**Work required**
In your copy of the data below, reproduce every entry exactly and omit the pictures.

Extracted records
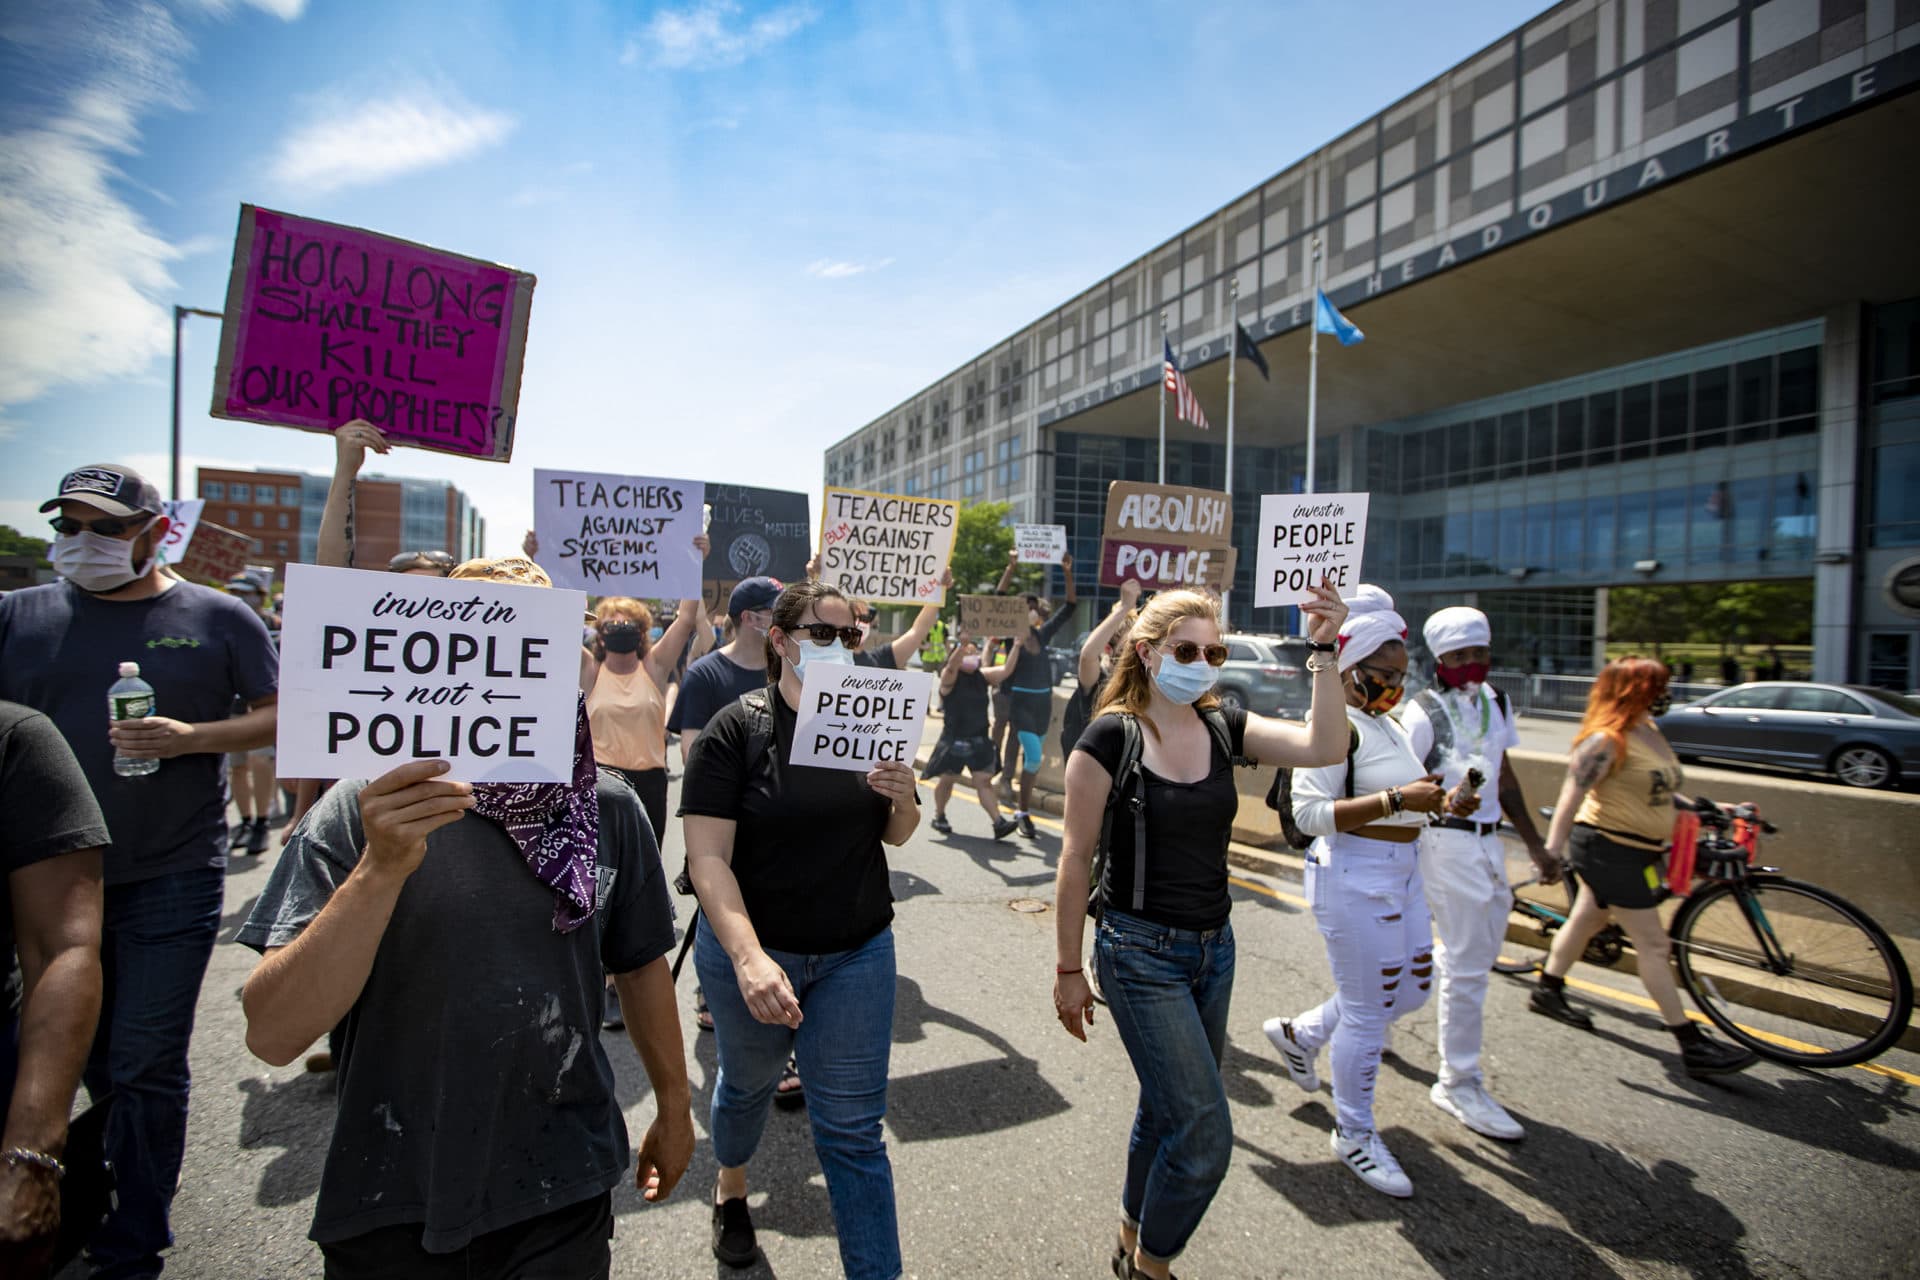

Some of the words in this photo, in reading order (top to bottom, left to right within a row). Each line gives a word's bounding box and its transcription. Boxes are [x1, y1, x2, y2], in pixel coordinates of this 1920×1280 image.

[260, 230, 369, 298] HOW
[380, 259, 505, 328] LONG
[256, 286, 380, 333] SHALL
[386, 314, 475, 358] THEY
[319, 331, 438, 386] KILL
[240, 364, 320, 409] OUR
[550, 478, 683, 512] TEACHERS
[714, 505, 765, 526] LIVES
[831, 493, 953, 528] TEACHERS
[1117, 493, 1226, 535] ABOLISH
[1292, 502, 1333, 519] invest
[1332, 503, 1346, 517] in
[579, 514, 675, 539] AGAINST
[823, 521, 852, 546] BLM
[846, 525, 935, 551] AGAINST
[1273, 522, 1356, 549] PEOPLE
[558, 537, 657, 558] SYSTEMIC
[825, 546, 937, 576] SYSTEMIC
[1305, 549, 1330, 563] not
[580, 558, 660, 583] RACISM
[1115, 544, 1211, 585] POLICE
[838, 572, 917, 598] RACISM
[917, 577, 940, 597] BLM
[372, 591, 484, 622] invest
[482, 599, 517, 625] in
[960, 598, 982, 613] NO
[321, 624, 550, 679] PEOPLE
[405, 682, 475, 707] not
[840, 674, 890, 692] invest
[888, 678, 904, 692] in
[816, 691, 917, 721] PEOPLE
[327, 711, 539, 759] POLICE
[851, 721, 883, 735] not
[813, 733, 909, 762] POLICE
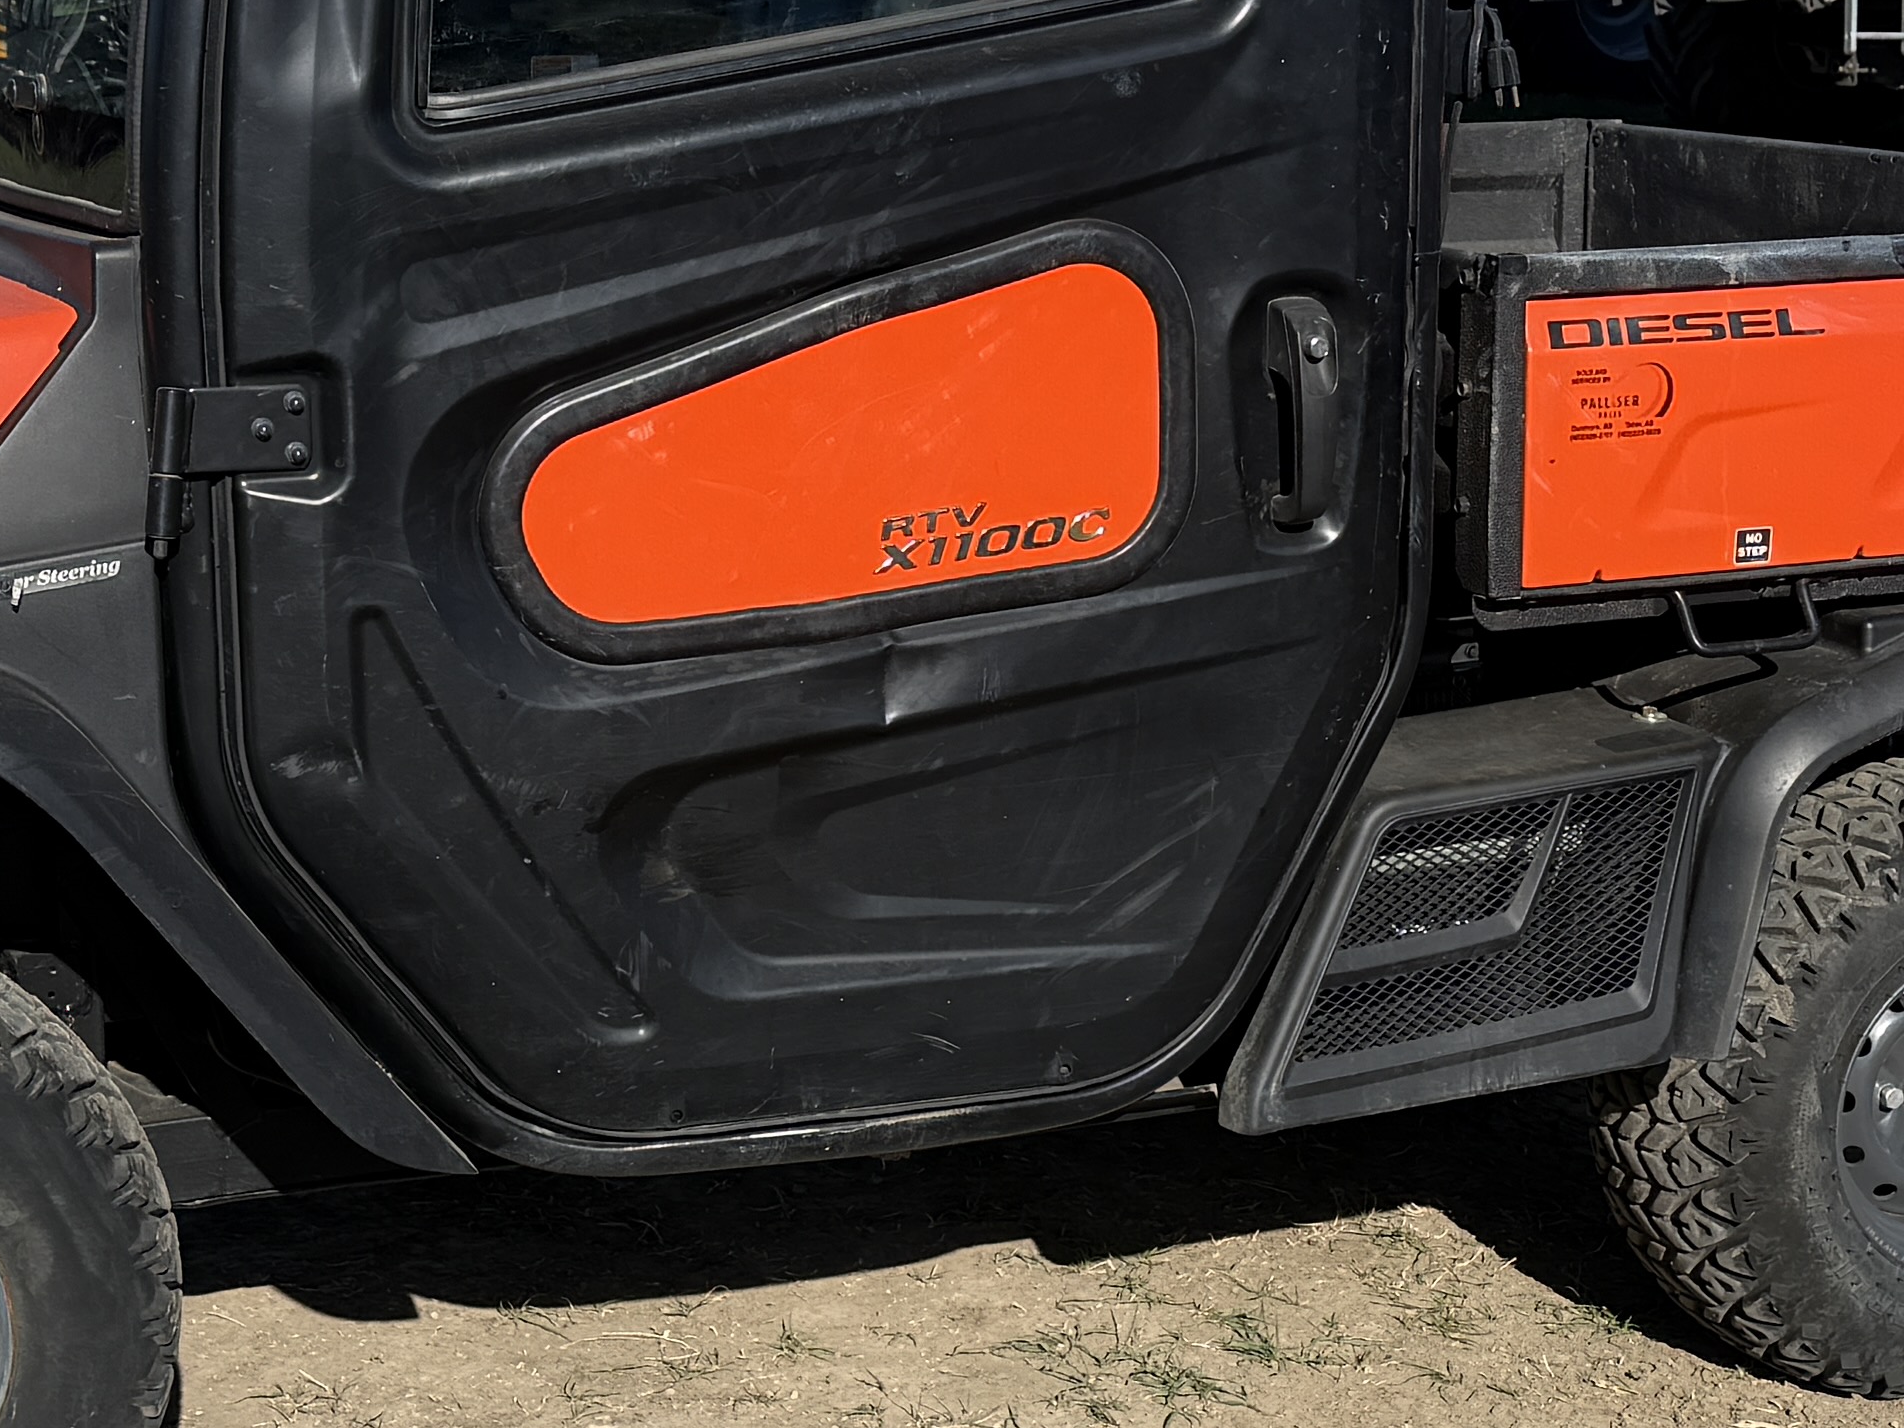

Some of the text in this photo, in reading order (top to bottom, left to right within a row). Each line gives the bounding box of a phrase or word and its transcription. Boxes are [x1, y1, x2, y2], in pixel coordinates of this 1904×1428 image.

[1548, 308, 1826, 349] DIESEL
[882, 502, 987, 541] RTV
[874, 507, 1110, 575] X1100C
[1738, 546, 1768, 557] STEP
[1746, 533, 1763, 544] NO
[37, 559, 121, 586] Steering
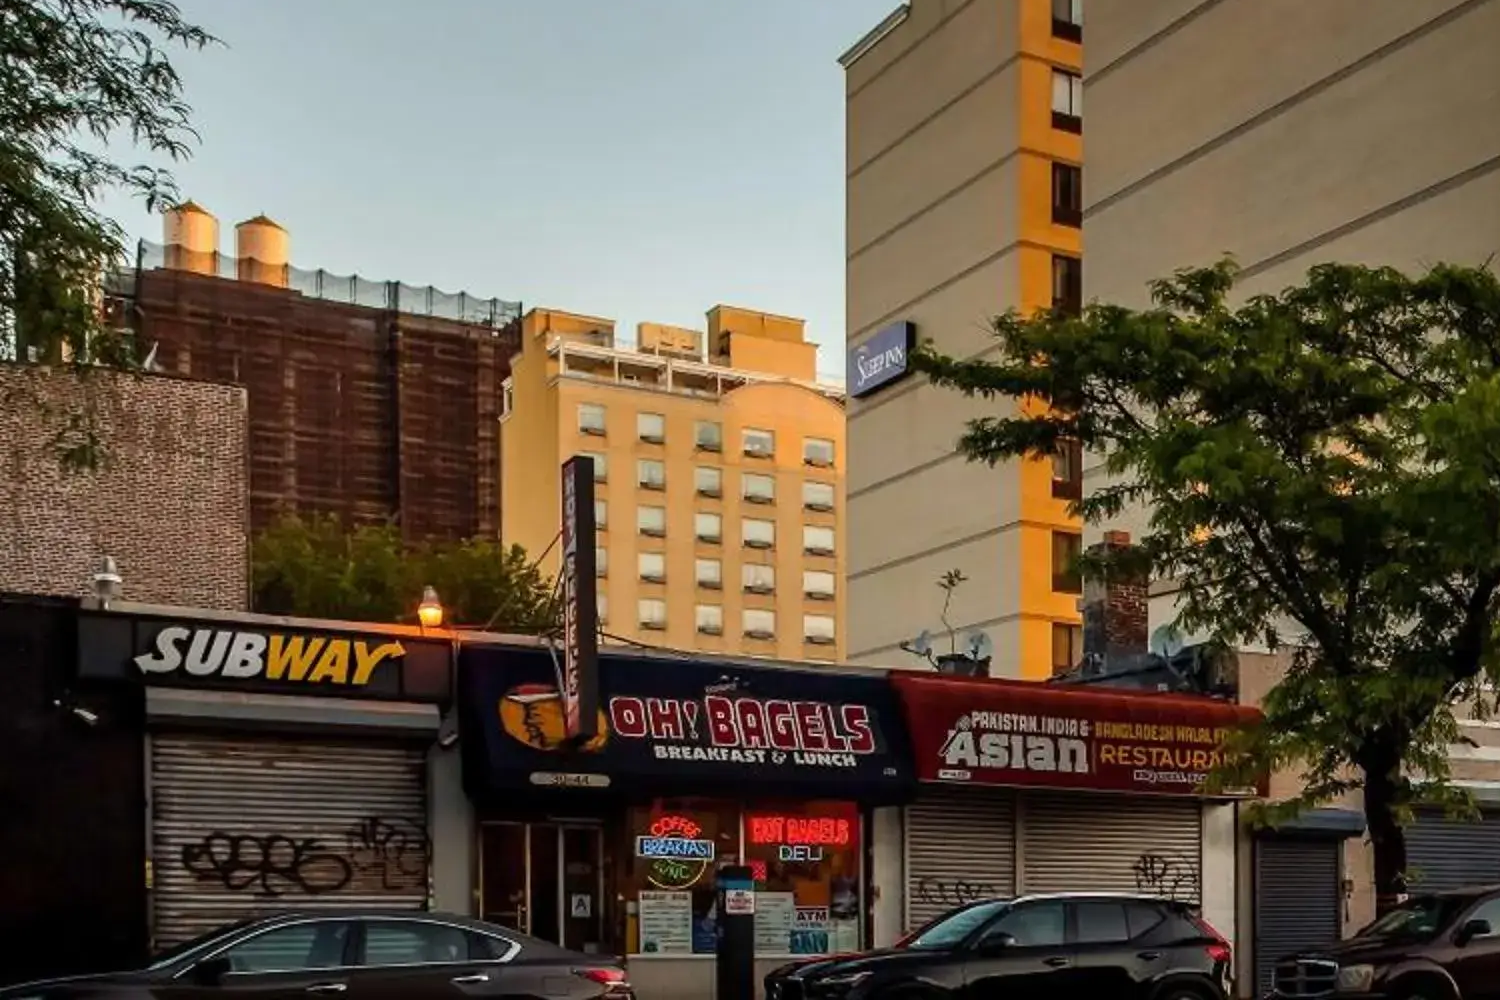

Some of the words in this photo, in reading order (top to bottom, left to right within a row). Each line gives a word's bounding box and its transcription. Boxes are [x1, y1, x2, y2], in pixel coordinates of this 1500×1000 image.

**Answer section**
Some of the words in this photo, in reading order (top to bottom, left to right within a row). Each line gives a word's bounding box and its transcription. Boxes are [x1, y1, x2, y2], in pixel coordinates of this 1920×1280 image.

[260, 230, 369, 298] HOW
[380, 259, 505, 328] LONG
[256, 286, 380, 333] SHALL
[386, 314, 475, 358] THEY
[319, 331, 438, 386] KILL
[240, 364, 320, 409] OUR
[550, 478, 683, 512] TEACHERS
[714, 505, 765, 526] LIVES
[831, 493, 953, 528] TEACHERS
[1117, 493, 1226, 535] ABOLISH
[1292, 502, 1333, 519] invest
[1332, 503, 1346, 517] in
[579, 514, 675, 539] AGAINST
[823, 521, 852, 546] BLM
[846, 525, 935, 551] AGAINST
[1273, 522, 1356, 549] PEOPLE
[558, 537, 657, 558] SYSTEMIC
[825, 546, 937, 576] SYSTEMIC
[1305, 549, 1330, 563] not
[580, 558, 660, 583] RACISM
[1115, 544, 1211, 585] POLICE
[838, 572, 917, 598] RACISM
[917, 577, 940, 597] BLM
[372, 591, 484, 622] invest
[482, 599, 517, 625] in
[960, 598, 982, 613] NO
[321, 624, 550, 679] PEOPLE
[405, 682, 475, 707] not
[840, 674, 890, 692] invest
[888, 678, 904, 692] in
[816, 691, 917, 721] PEOPLE
[327, 711, 539, 759] POLICE
[851, 721, 883, 735] not
[813, 733, 909, 762] POLICE

Some of the text in this photo, in reading order (top to bottom, left to right within a row). Each line gives the bounding box of a phrase or word and its transcription. Boxes are [x1, y1, x2, y2], in pixel coordinates of this 1904×1428 image.

[1548, 308, 1826, 349] DIESEL
[882, 502, 987, 541] RTV
[874, 507, 1110, 575] X1100C
[1738, 546, 1768, 557] STEP
[1746, 533, 1763, 544] NO
[37, 559, 121, 586] Steering

Some of the words in this photo, in reading order (top to bottom, left to right within a row). Each line gives a word's bounding box and its transcription. Boxes are [x1, y1, x2, y2], in pixel coordinates of this 1500×1000 image.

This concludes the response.